▶ _Free-text object descriptions_:
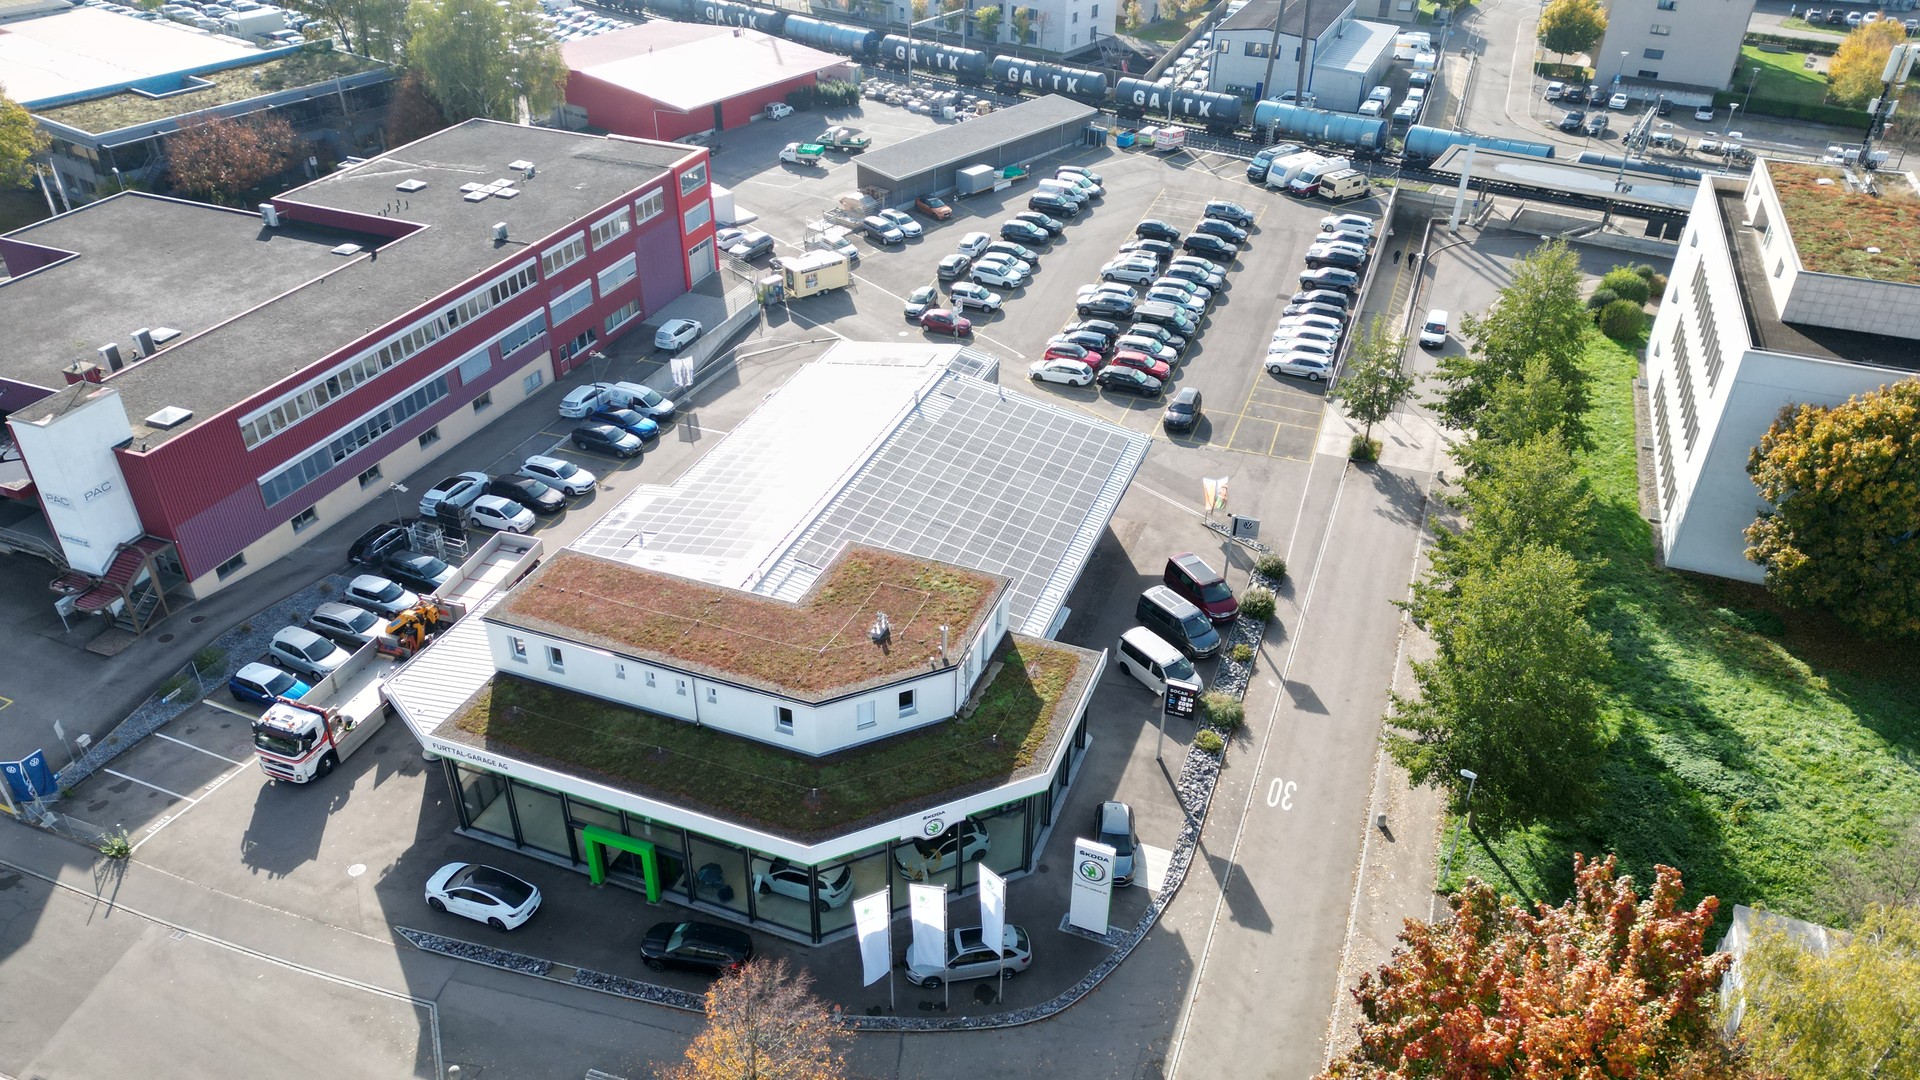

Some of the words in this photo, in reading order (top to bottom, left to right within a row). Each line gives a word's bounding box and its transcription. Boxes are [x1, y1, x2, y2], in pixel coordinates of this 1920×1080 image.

[84, 481, 112, 501] PAC
[45, 493, 70, 506] PAC
[1170, 688, 1189, 697] SOCAR
[432, 742, 497, 767] FURTTAL-GARAGE
[498, 762, 509, 770] AG
[1267, 777, 1297, 811] 30
[1079, 850, 1110, 863] ŠKODA

▶ _What to work on_:
Set down each entry above exactly as it appears. Omit the pictures.

▶ _Task result_:
Some of the words in this photo, in reading order (top to bottom, left to right within a row). Each line gives a word's bounding box and its transcription. Boxes are [x1, y1, x2, y2], in pixel coordinates of this 1920×1080 image.

[84, 481, 112, 501] PAC
[45, 493, 70, 506] PAC
[1170, 688, 1189, 697] SOCAR
[432, 742, 497, 767] FURTTAL-GARAGE
[498, 762, 509, 770] AG
[1267, 777, 1297, 811] 30
[1079, 850, 1110, 863] ŠKODA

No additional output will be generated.